Stored data entries
= Beginning of Section =
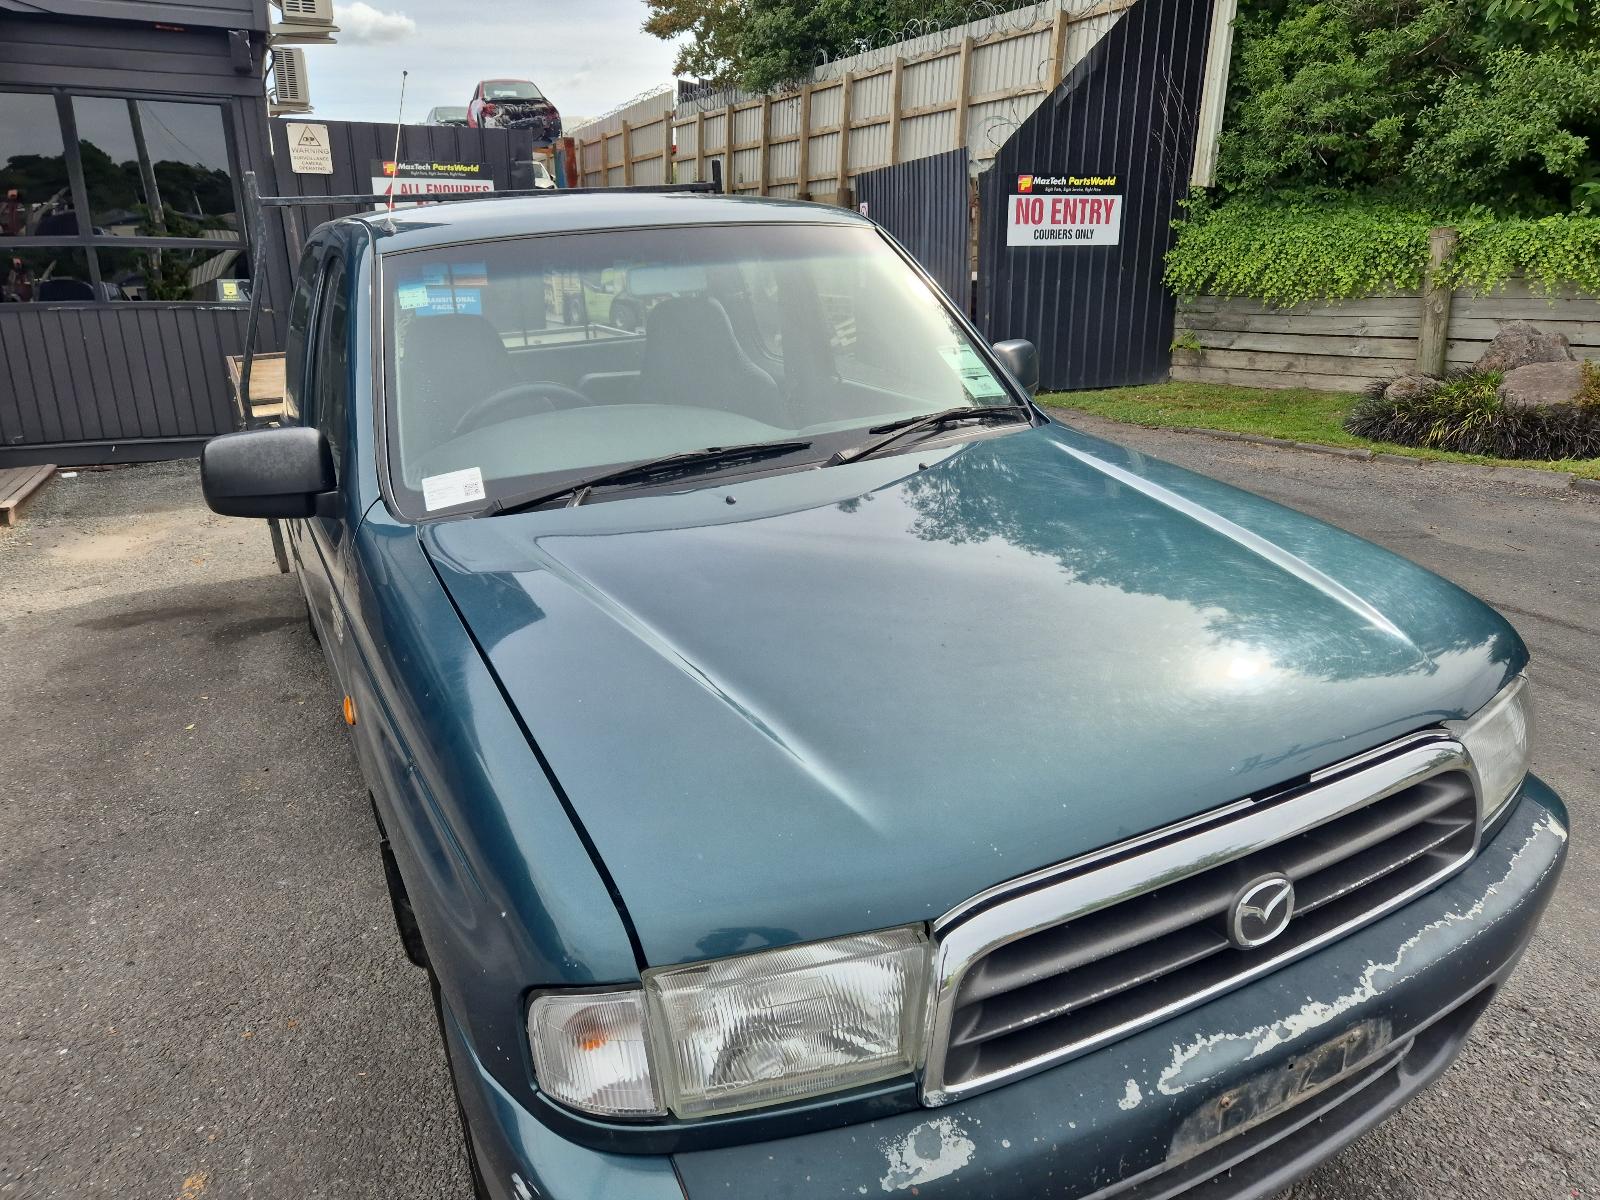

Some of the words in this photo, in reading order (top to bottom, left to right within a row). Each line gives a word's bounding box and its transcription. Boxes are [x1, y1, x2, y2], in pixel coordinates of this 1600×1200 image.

[432, 163, 479, 172] PartsWorld
[1033, 176, 1067, 185] MazTech
[1068, 176, 1116, 186] PartsWorld
[400, 183, 419, 194] ALL
[1015, 198, 1044, 225] NO
[1050, 198, 1116, 225] ENTRY
[1033, 229, 1073, 240] COURIERS
[1075, 229, 1094, 240] ONLY
= End of Section =
Give the entries back verbatim and omit the images.

Some of the words in this photo, in reading order (top to bottom, left to right within a row). Each line gives a word's bounding box and its transcription. Boxes are [x1, y1, x2, y2], in pixel coordinates of this 1600×1200 image.

[432, 163, 479, 172] PartsWorld
[1033, 176, 1067, 185] MazTech
[1068, 176, 1116, 186] PartsWorld
[400, 183, 419, 194] ALL
[1015, 198, 1044, 225] NO
[1050, 198, 1116, 225] ENTRY
[1033, 229, 1073, 240] COURIERS
[1075, 229, 1094, 240] ONLY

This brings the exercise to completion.